Изображения времен года, описывающие природно-сельскохозяйственные и жизненные циклы, записаны четырьмя разными кодами, повторяющимися на каждом из полотен с небольшими вариациями. Так, наиболее крупное изображение – примитивистски огрубленная обнаженная женская фигура в рост, вместе с комментирующими деталями аллегорически представляющая соответствующие времена года: Зима с синим велумом, Весна с летающими вокруг нее амурами, Лето с серпом и Осень с птицами, несущими в клювах виноградные ветви и атрибутами виноделия (ковш, чаша, лоза). Остальные три четверти представляют: 1) картинки-рассказы, 2) мотивы дерева – вариации мирового дерева в соответствующем времени года вегетативном состоянии (голое зимой, расцветающее весной, снопообразное летом, плодоносящее осенью), а также 3) рукописные вербальные тексты. Художник отходит от миметической референции: раннему периоду его творчества было свойственно обращение к пейзажам, описывающим разные времена года в соответствии с традицией «природной» референции, однако данное произведение оспаривает не только пейзажи самого Ларионова, но и картины на темы времен года его ближайшей коллеги и спутницы жизни, художницы Н. Гончаровой, равно как и предшествующую традицию символизма/импрессионизма в целом. Отход от натурно-описательной модели проявляется, в частности, в нетрадиционной цветовой символике: так, весна показана желтой, т. е. ведущим признаком выбран цветовой эквивалент света (византийский принцип, концептуальный – в этом есть совпадение с символизмом, в частности, с «Временами года» в живописи Чюрлиониса), в то время, как желтый в «реалистической» живописи стереотипически характеризует осень. Аналогичное «нарушение» свойственно и другим цветовым атрибутам: зима – красно-коричневая (словно обыгрывается народная рифмовка мороз = красный нос), а осень – синяя.
Автор использует ограниченный набор традиционных изобразительных символов: дерево, дева, птица, собака, лоза и др.
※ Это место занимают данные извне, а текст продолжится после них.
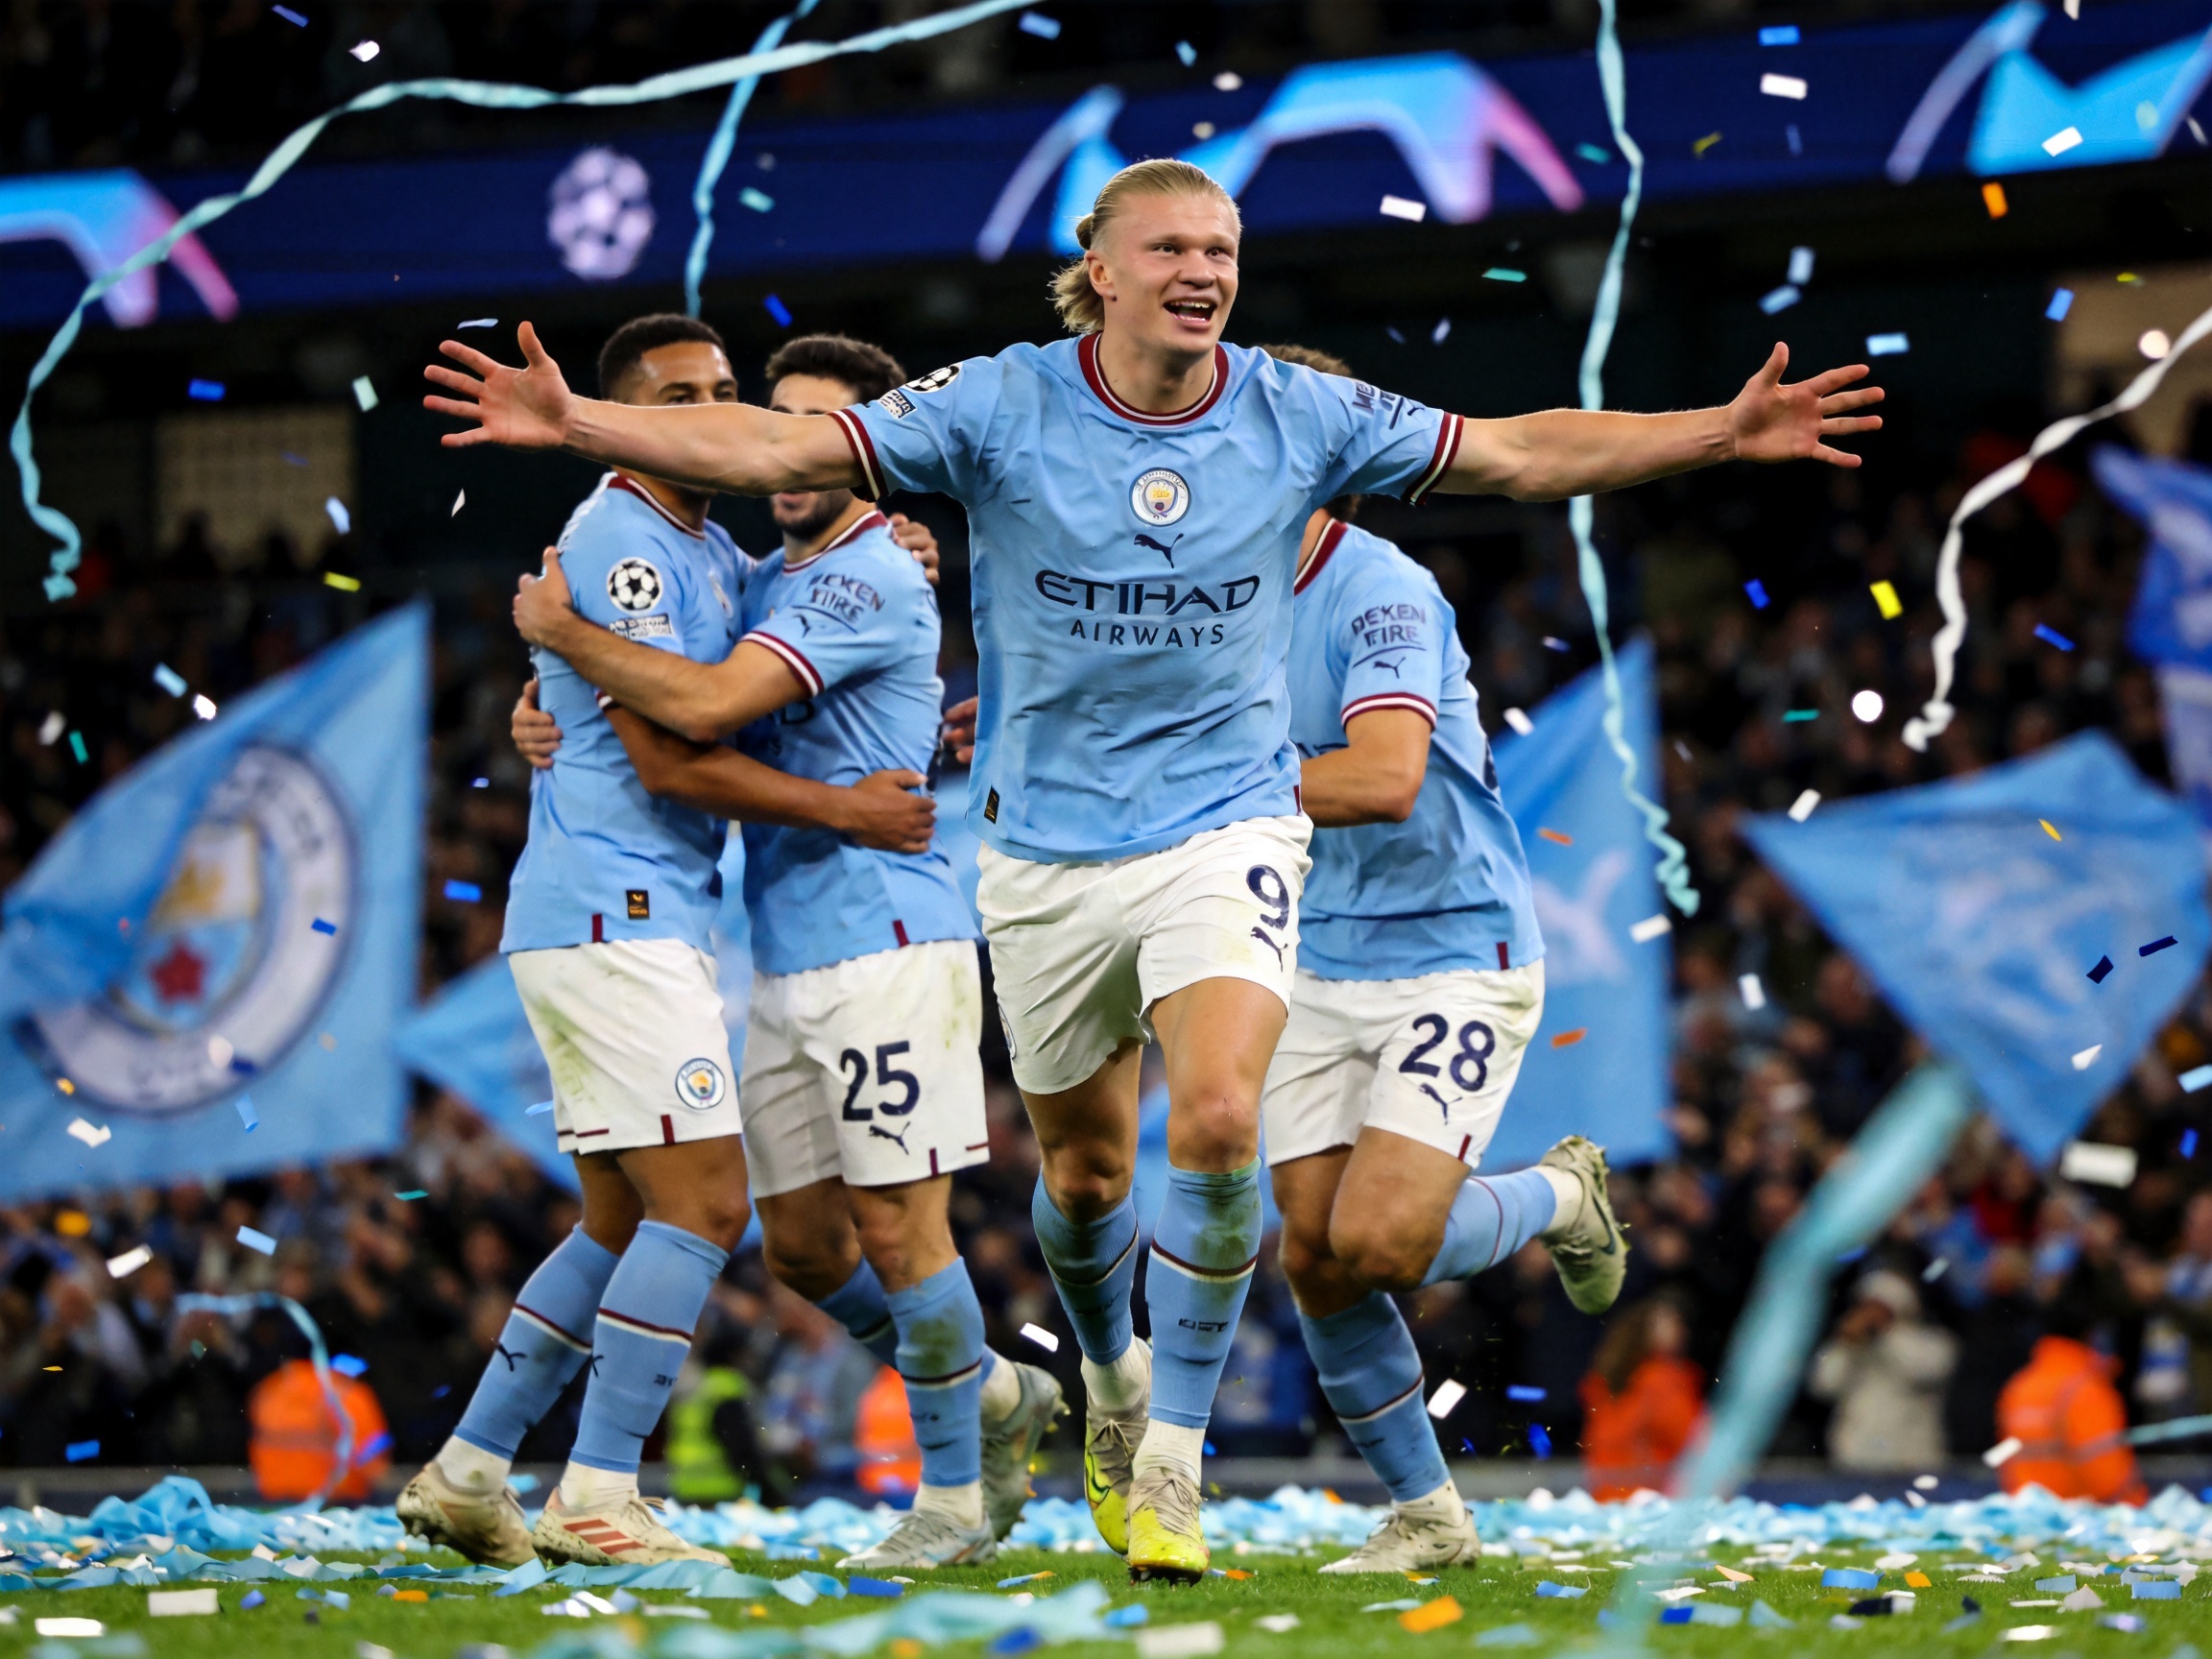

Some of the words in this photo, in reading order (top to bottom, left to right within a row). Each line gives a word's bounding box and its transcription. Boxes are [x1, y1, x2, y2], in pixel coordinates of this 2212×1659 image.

Наряду с характером четырехчастного деления полотен комбинаторика элементов следует принципу дополнительного распределения, на основе которого выстраиваются пары аналогий зима = лето и весна = осень. Это опять же напоминает древний календарь с его ориентацией на предсказания и знаками зодиака. Такого рода аналогии можно обнаружить в каждом из изобразительных комплексов отдельно.
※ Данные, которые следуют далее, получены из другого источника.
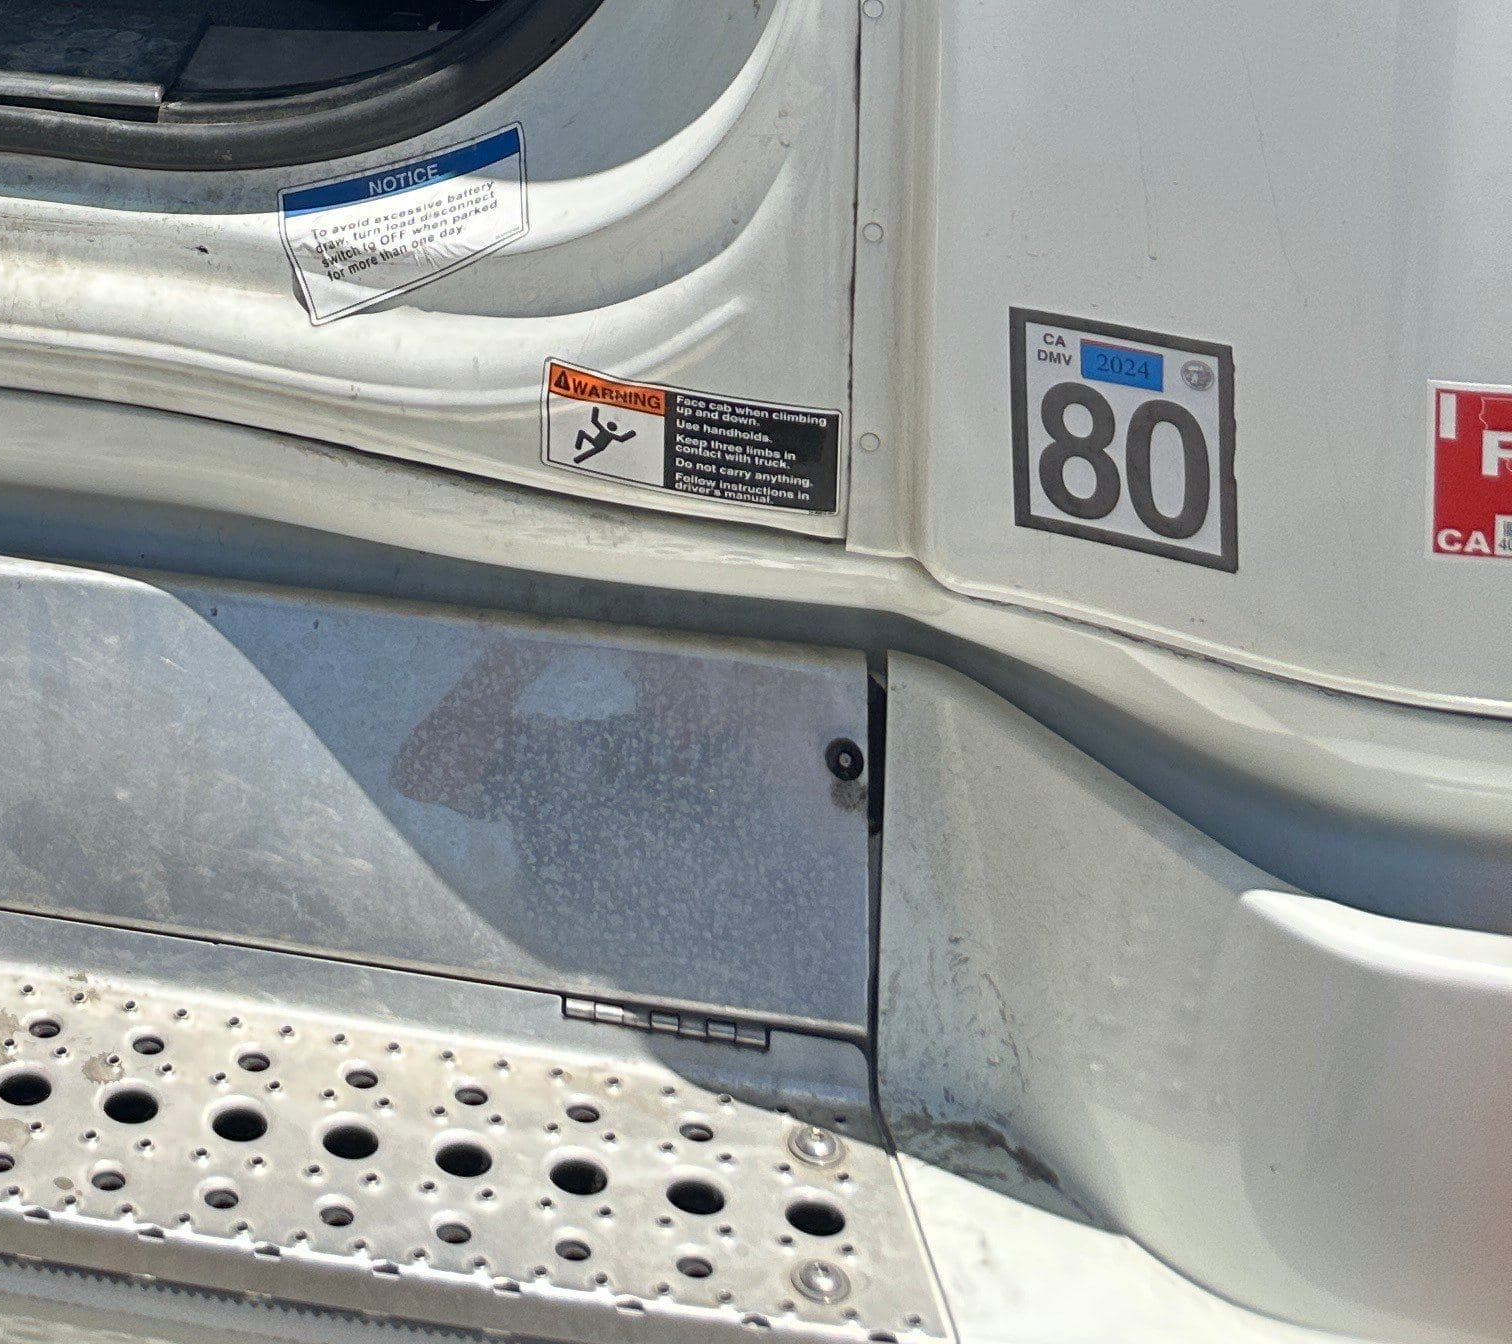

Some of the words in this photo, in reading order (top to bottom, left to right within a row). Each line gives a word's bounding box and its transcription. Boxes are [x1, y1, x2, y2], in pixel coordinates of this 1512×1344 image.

[368, 164, 439, 196] NOTICE
[312, 229, 327, 240] To
[333, 219, 369, 234] avoid
[375, 199, 442, 223] excessive
[447, 181, 494, 204] battery
[353, 227, 381, 241] turn
[386, 216, 415, 232] load
[420, 191, 496, 223] disconnect
[321, 247, 361, 268] switch
[380, 230, 407, 247] OFF
[412, 220, 448, 234] when
[453, 200, 498, 224] parked
[327, 268, 346, 282] for
[348, 256, 379, 276] more
[381, 245, 407, 262] than
[411, 234, 434, 251] one
[1042, 332, 1066, 348] CA
[1037, 348, 1073, 367] DMV
[1096, 353, 1149, 380] 2024
[572, 377, 661, 410] WARNING
[676, 396, 706, 408] Face
[709, 402, 731, 412] cab
[735, 406, 769, 418] when
[773, 412, 827, 427] climbing
[676, 419, 700, 431] Use
[677, 405, 692, 416] up
[695, 408, 718, 419] and
[675, 444, 721, 458] contact
[725, 452, 751, 464] with
[676, 434, 707, 447] Keep
[711, 439, 743, 453] three
[746, 446, 781, 458] limbs
[784, 450, 796, 460] in
[1038, 381, 1212, 540] 80
[675, 457, 692, 468] Do
[696, 462, 716, 473] not
[720, 466, 751, 480] carry
[675, 473, 716, 486] Follow
[720, 480, 794, 499] instructions
[798, 491, 810, 501] in
[1437, 528, 1491, 554] CA
Обнаженные женские фигуры в каждой из композиций – аллегории времен года – представляют собирательный тип Великой Богини. В этом художник следует традиционным моделям: аллегории времен года обычно имеют вид женских персонажей, нагота соответствует принципу телесных проекций мифологического календаря [Брагинская 1980]. Типы изображений и их атрибутика в других женских персонажах недвусмысленно отсылают к более широкому набору архаической иконографии: так, профильное изображение женщины на картине «Весна» напоминает так называемую Парижанку из росписей Кносского дворца на Крите [илл. 22], а серп в руке Венеры на картине «Лето» ассоциируется с символическим рогом изобилия в первобытной скульптуре. Символика плодородия, мотивы дионисийства отождествляют Венеру-Весну и Венеру-Осень посредством соответствующих классификаторов: весна охарактеризована амурами (символизирующими эротическую любовь), осень – виноградом. По типу позы – телесному статусу – образуются иные пары: танцующие аллегории весны и лета (вакхический, дионисийский мотив) противопоставлены статичным, подчиненным застылой вертикально-осевой симметрии аллегориям зимы и осени. Стилистически Девы Ларионова восходят к разным источникам: тут и Гоген (произведения которого Ларионов видел в Париже и которым был увлечен), и скифские бабы Гончаровой, и собственные произведения – многочисленные «Венеры» этого времени, в частности, «Солдатская Венера» (1912), написанная одновременно с рассматриваемым циклом [илл. 23]. Близок к Венерам цикла «Времена года» и заборный рисунок на картине «Отдыхающий солдат» (1911) [илл. 24]. Автоцитаты в живописи Ларионова возникают и позже, в 1920-е годы: обнаженная женщина – персонаж его наброска «Маня-курва» (1928) [илл. 25] – идентична предыдущему примеру, а птица с веткой в клюве повторяется в иллюстрациях к поэме А. Блока «Двенадцать» [илл. 26]. Эта миграция отдельных изобразительных мотивов заставляет каждый из них трактовать как своего рода знак-лексему, что еще раз указывает на лежащий в основе композиций пиктографический принцип.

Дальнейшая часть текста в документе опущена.